Member of the Illinois Senate from the 26th district
- In office January 7, 1953 – January 4, 1967
- Preceded by: Wilbur J. Cash
- Succeeded by: Cecil A. Partee

Personal details
- Born: July 29, 1906 Bloomington, Illinois, U.S.
- Died: April 14, 1978 (aged 71) Peoria, Illinois, U.S.
- Party: Republican
- Spouse(s): Josephine McCormick Nancy Sandstrom
- Education: Williams College University of South Dakota

= David Davis IV =

American politician

David Davis IV (July 29, 1906 - April 14, 1978) was an American lawyer and politician.

Davis was born in Bloomington, Illinois. His great-grandfather was David Davis, who served in the United States Senate and on the United States Supreme Court.

Davis attended Bloomington public schools and University High School. He received his bachelor's degree from Williams College and his law degree from University of South Dakota School of Law. He was admitted to the Illinois bar and opened his own law practice in Bloomington, Illinois, in 1932.

He served as Chairman of the Board of the National Bank of Bloomington from 1955 to 1977 and in the Illinois Senate from 1953 to 1967 as a Republican.
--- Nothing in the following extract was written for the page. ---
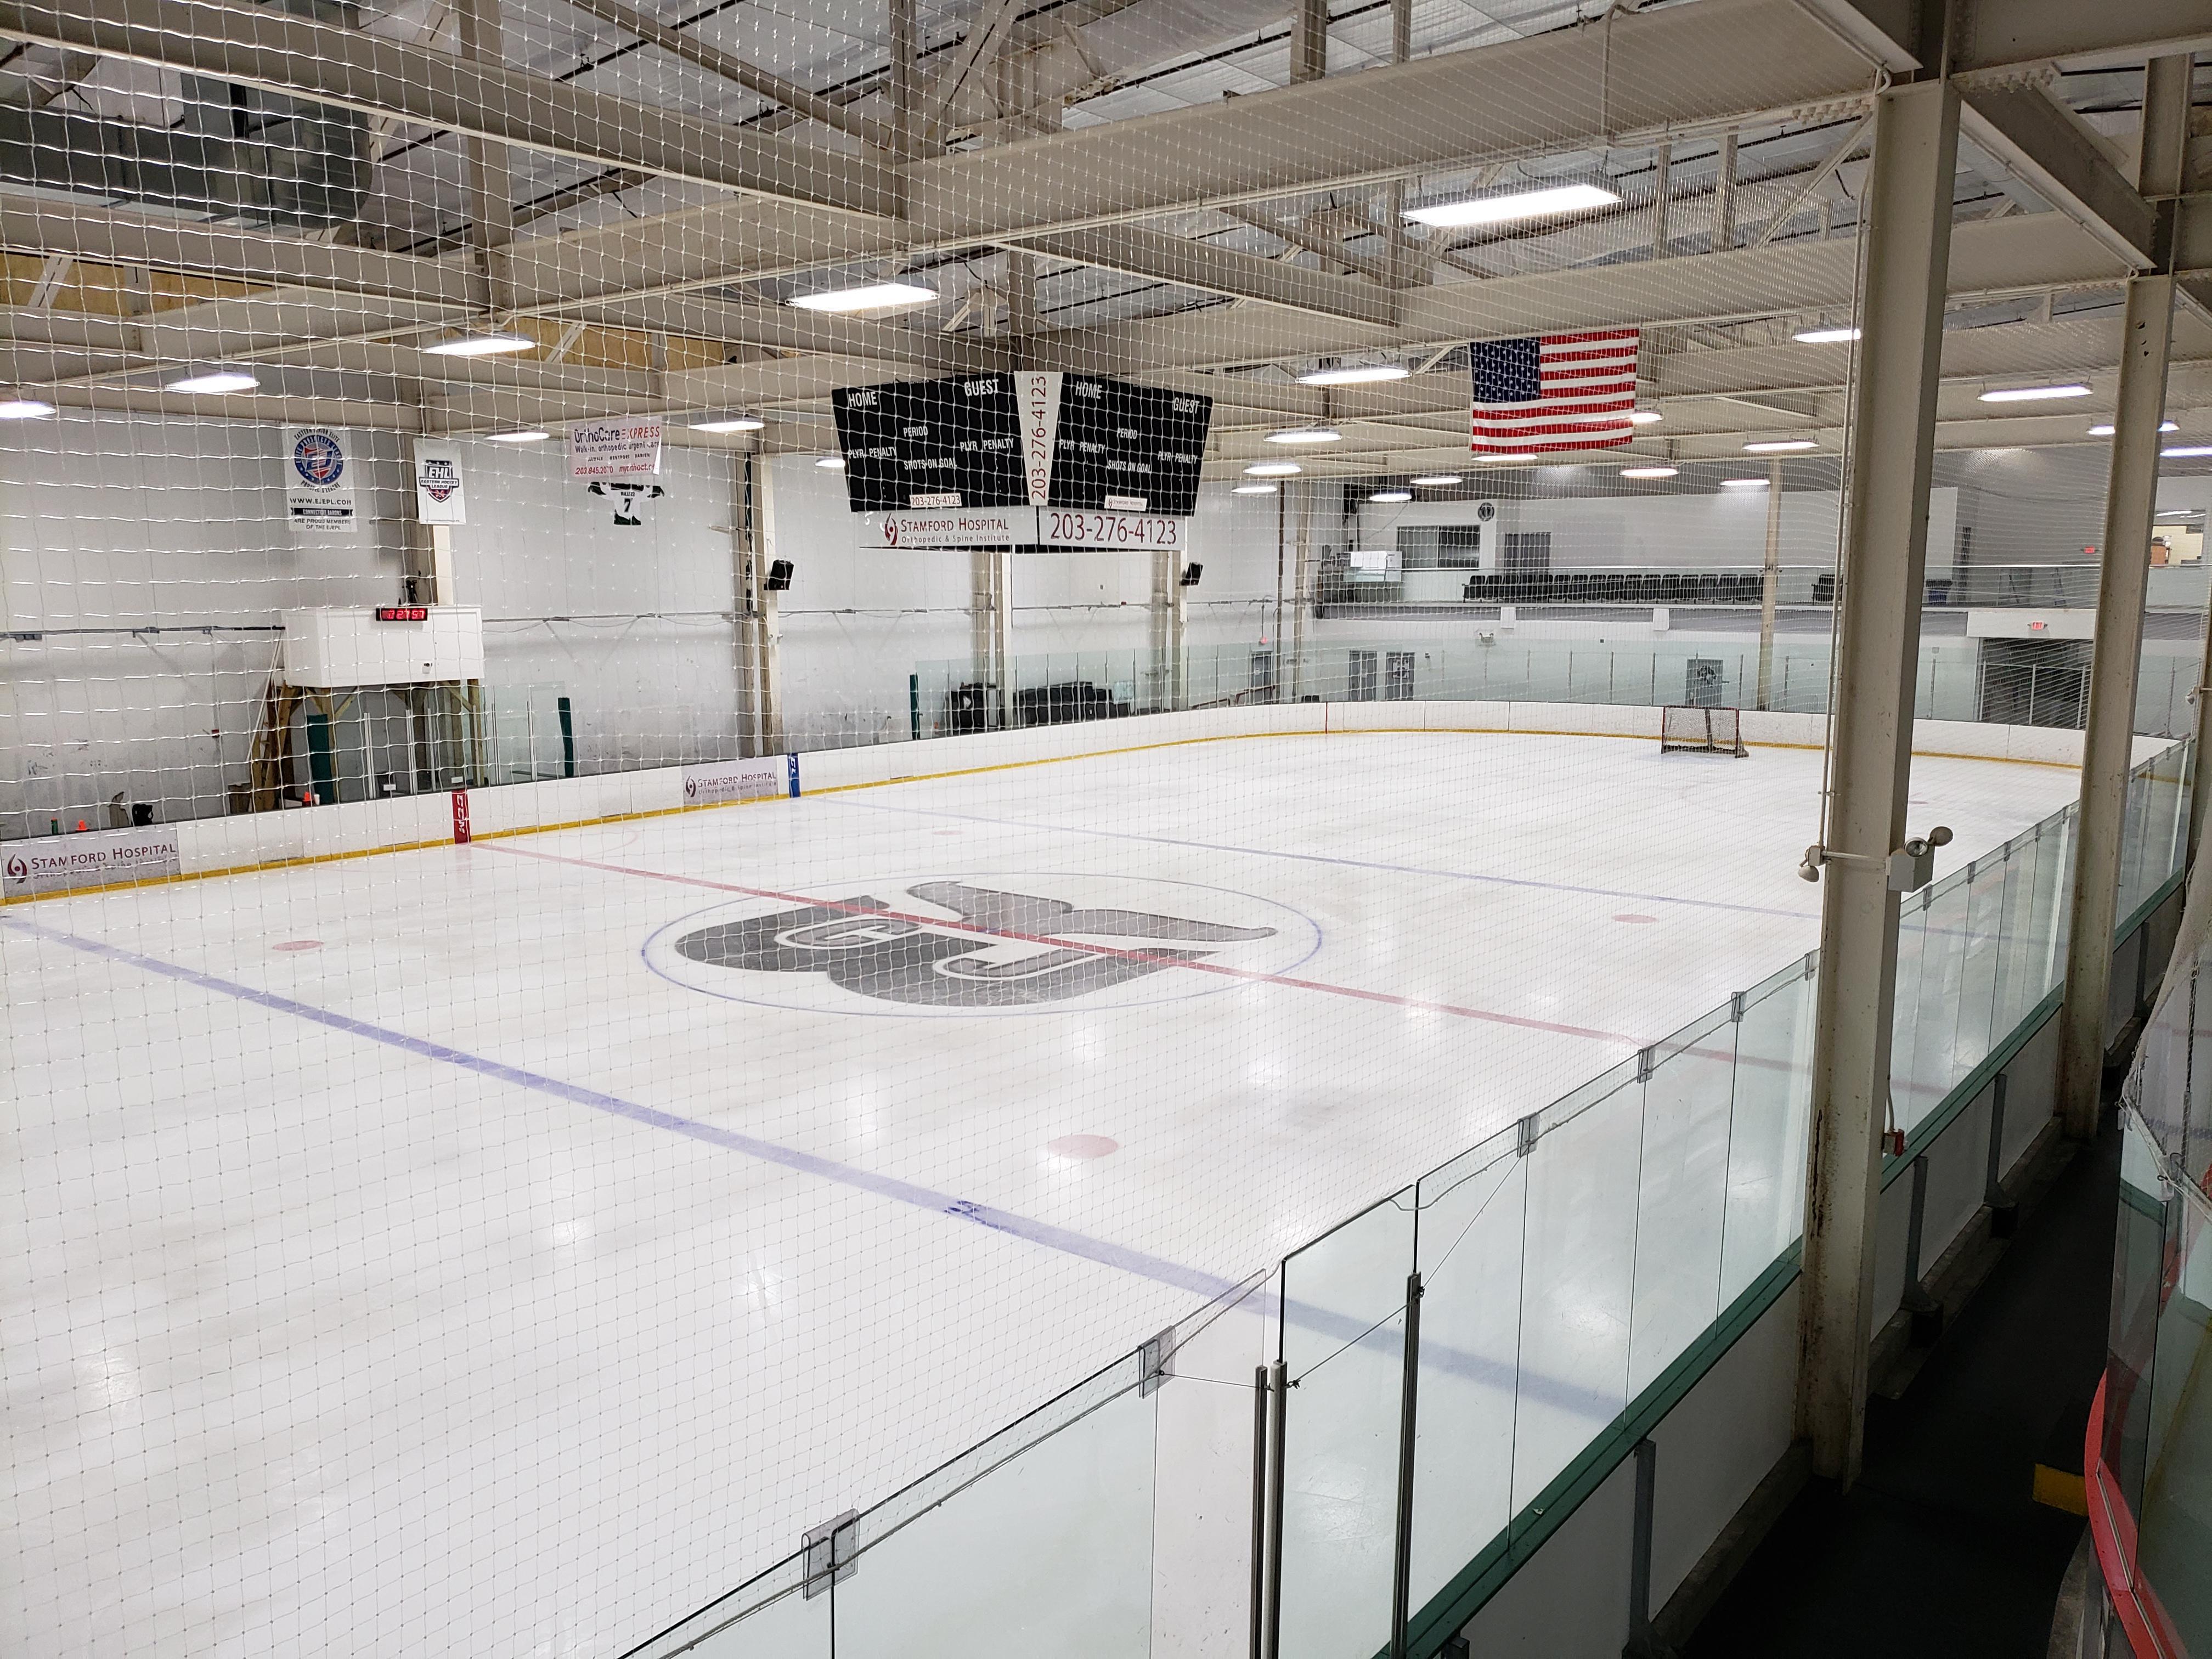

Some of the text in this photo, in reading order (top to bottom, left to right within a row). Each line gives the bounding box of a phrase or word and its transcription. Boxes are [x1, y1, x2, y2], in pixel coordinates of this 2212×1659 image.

He also served in the Illinois Constitutional Convention of 1969–1970.

In 1959, Davis gave the David Davis Mansion to the State of Illinois.

Davis died at the St. Francis Medical Center and Hospital in Peoria, Illinois.

The David Davis III & IV House, a site on the National Register of Historic Places in Bloomington, is named for Davis and his father.